For Shame

5
It’s hard enough to be pregnant. Stop the fat shaming.

Pregnancy — the four times I enjoyed it — brought a lot of anxiety into my life. I was 27 when I conceived my firstborn. I had lived most of my life fearing report cards and test scores and admission letters and phone calls that told me whether or not I received The Job, just like anyone else. I had spent an inordinate amount of time worrying about my weight and which pair of jeans I could fit into at the moment and how others valued me on both a physical and intellectual level, as many women do. But pregnancy brought on an entire new category of judgment, perceived and real: how I wore maternity clothes, how much weight I gained, how I carried, how I coped.
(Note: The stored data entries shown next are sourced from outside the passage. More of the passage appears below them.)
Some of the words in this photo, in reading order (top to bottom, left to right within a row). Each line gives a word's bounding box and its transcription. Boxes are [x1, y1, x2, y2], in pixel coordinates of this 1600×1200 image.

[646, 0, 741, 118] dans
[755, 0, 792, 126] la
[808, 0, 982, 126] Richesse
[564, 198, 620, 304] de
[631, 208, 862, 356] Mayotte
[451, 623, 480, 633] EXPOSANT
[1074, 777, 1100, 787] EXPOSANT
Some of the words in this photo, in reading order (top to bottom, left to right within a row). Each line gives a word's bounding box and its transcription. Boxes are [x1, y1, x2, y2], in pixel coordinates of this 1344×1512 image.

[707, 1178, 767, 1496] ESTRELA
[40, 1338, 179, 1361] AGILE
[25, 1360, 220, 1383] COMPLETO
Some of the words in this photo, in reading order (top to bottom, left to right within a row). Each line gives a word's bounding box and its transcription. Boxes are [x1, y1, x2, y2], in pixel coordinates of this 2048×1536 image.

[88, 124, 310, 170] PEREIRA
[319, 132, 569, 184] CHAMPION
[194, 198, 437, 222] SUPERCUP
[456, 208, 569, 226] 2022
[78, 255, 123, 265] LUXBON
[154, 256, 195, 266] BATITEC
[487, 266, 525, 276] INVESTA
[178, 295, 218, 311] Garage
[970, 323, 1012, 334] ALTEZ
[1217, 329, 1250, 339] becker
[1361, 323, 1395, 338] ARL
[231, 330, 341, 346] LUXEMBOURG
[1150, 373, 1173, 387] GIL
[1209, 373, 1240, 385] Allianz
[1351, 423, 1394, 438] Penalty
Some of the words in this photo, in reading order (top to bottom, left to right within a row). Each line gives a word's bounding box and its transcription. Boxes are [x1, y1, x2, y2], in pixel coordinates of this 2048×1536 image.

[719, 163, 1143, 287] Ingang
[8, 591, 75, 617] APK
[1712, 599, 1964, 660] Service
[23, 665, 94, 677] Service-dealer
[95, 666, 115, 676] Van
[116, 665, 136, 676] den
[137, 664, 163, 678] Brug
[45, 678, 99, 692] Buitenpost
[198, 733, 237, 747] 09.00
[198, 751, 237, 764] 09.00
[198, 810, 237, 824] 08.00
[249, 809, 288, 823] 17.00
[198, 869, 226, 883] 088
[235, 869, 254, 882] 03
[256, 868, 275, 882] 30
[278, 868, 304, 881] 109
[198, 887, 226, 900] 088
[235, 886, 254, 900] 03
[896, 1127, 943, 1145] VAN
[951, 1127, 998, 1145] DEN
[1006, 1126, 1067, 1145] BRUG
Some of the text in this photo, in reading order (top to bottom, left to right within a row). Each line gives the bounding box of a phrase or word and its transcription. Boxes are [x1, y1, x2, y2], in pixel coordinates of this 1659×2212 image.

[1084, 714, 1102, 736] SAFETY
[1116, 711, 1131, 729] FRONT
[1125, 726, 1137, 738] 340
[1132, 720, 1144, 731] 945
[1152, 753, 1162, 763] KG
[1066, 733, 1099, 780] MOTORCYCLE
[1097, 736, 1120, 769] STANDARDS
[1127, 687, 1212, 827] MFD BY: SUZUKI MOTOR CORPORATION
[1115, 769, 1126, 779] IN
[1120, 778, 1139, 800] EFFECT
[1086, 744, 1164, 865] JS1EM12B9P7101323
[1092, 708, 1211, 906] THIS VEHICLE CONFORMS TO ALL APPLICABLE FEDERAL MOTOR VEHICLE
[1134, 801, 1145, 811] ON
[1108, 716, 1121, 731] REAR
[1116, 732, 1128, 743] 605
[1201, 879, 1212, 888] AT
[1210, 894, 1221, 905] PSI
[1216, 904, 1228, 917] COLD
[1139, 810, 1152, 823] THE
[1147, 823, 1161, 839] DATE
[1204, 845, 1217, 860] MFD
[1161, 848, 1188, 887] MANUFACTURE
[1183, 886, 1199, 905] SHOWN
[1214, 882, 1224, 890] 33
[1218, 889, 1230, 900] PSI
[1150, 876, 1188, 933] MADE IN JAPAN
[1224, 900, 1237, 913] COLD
Then there were the details: how many orange or yellow vegetables I ate a day, whether I took my prenatal vitamin, if I practiced my kegels, if I ate sushi, if I drank caffeine or artificial sweeteners.

Thank goodness that all my insecurities were just perhaps a little neurotic, but normal. Thank goodness my name was not Jessica Simpson or, gosh forbid, Kim Kardashian.

I have been mortified at the way these young women have been torn apart in the media — and by “civilans” — for their pregnancy appearances and their pregnancy weight gains. The current fascination with and entertainment value of fat shaming Kim Kardashian, especially, is galling to me. I’m someone who has felt the discouraging despair of watching my breasts and stomach swell in that super-uncomfortable, not-fat-just-pregnant phase of pregnancy, before it’s completely obvious that you are either sheltering a basketball or a baby under your clothes but after the point you can wear your regular wardrobe. I have thrown bras down in frustration because they just didn’t do the job anymore. I have struggled with the desire to wear anything BUT a maternity dress and the hatred of the blasted belly panel that I can’t live without, because those newfangled maternity styles without belly panels just slid right off me. Nothing less attractive than a pregnancy plumber’s crack, my friends.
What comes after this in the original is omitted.